§ WHAT THE TASK REQUIRES
Produce a verbatim transcript of the entries below, excluding pictures.

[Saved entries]
####################
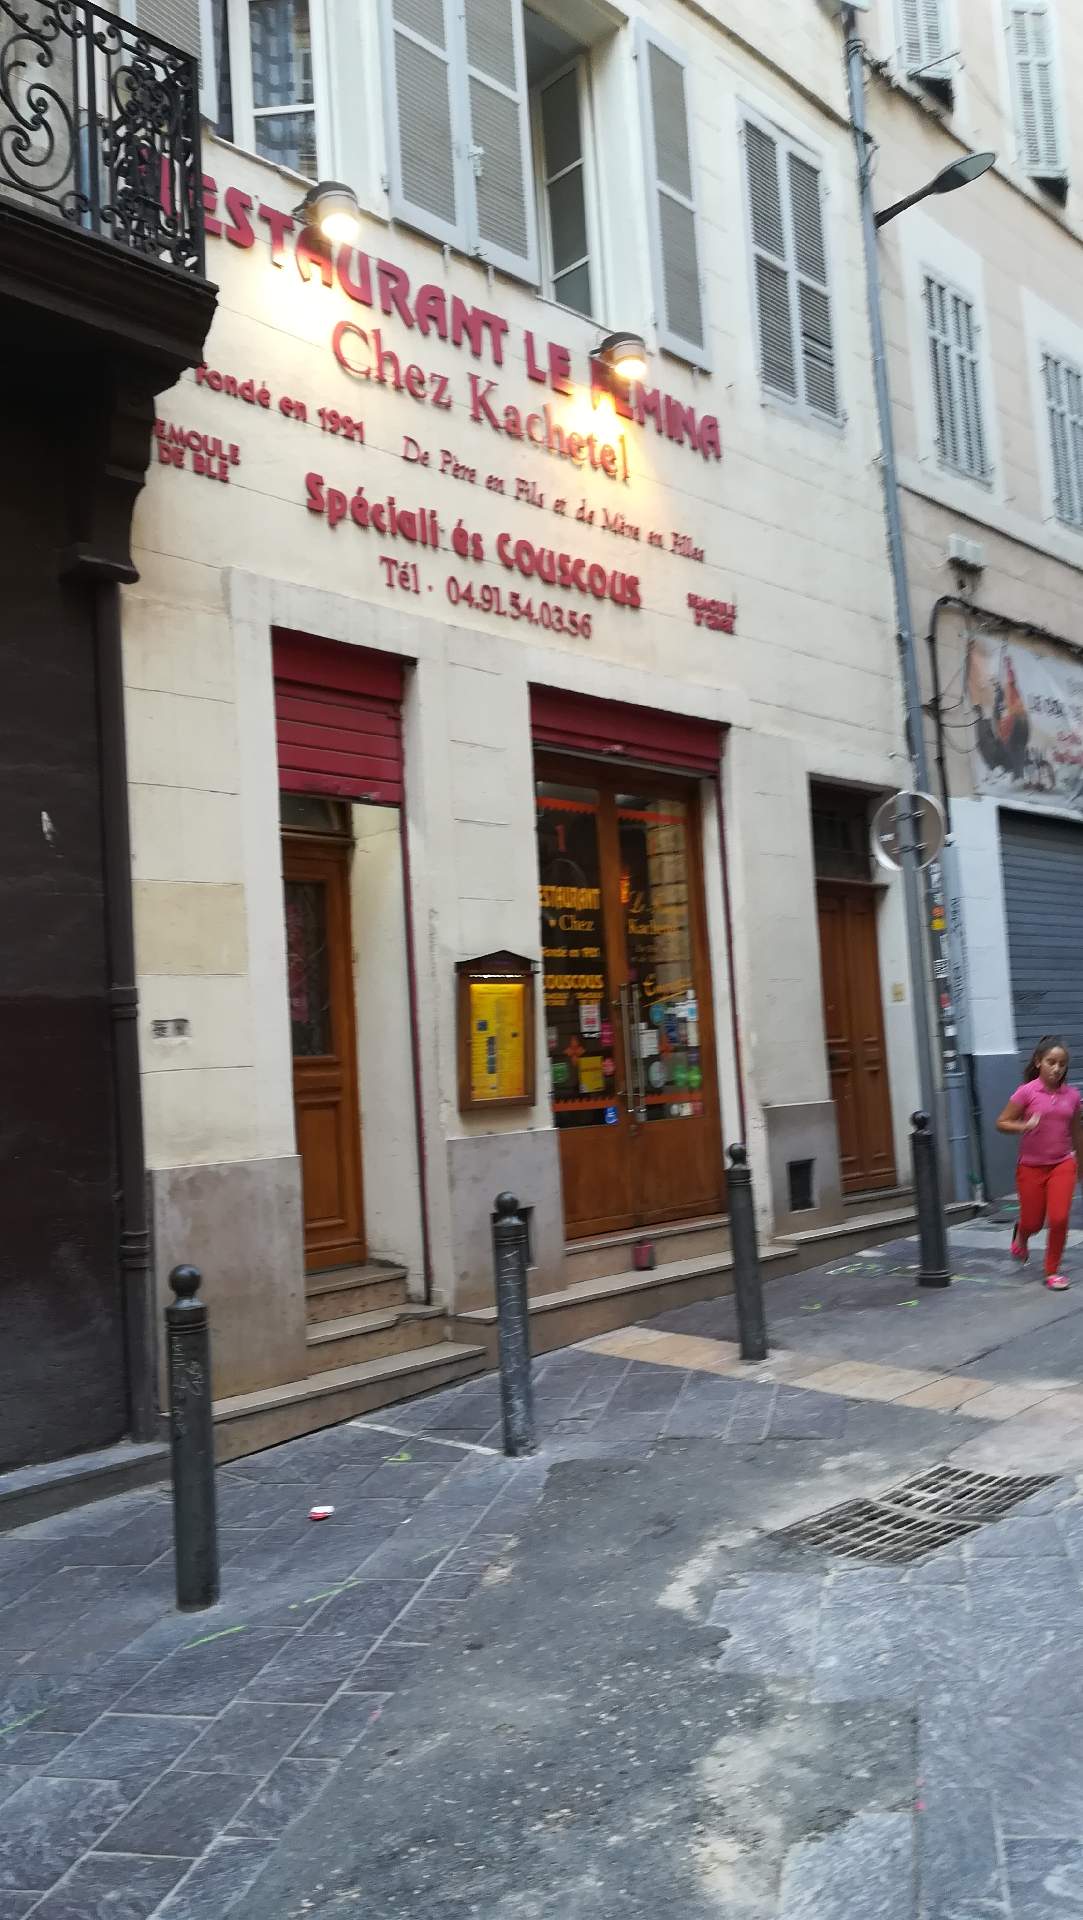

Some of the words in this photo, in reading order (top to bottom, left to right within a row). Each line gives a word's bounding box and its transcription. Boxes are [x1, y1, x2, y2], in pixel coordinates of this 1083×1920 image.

[525, 330, 572, 395] LE
[279, 396, 307, 423] en
[332, 320, 452, 410] Chez
[467, 372, 630, 482] Kachetel
[153, 418, 241, 466] EMOULE
[158, 442, 184, 469] DE
[402, 435, 430, 467] De
[558, 914, 595, 932] Chez
####################
§ OUTPUT FOR THIS EXERCISE
Some of the words in this photo, in reading order (top to bottom, left to right within a row). Each line gives a word's bounding box and its transcription. Boxes are [x1, y1, x2, y2], in pixel coordinates of this 1083×1920 image.

[525, 330, 572, 395] LE
[279, 396, 307, 423] en
[332, 320, 452, 410] Chez
[467, 372, 630, 482] Kachetel
[153, 418, 241, 466] EMOULE
[158, 442, 184, 469] DE
[402, 435, 430, 467] De
[558, 914, 595, 932] Chez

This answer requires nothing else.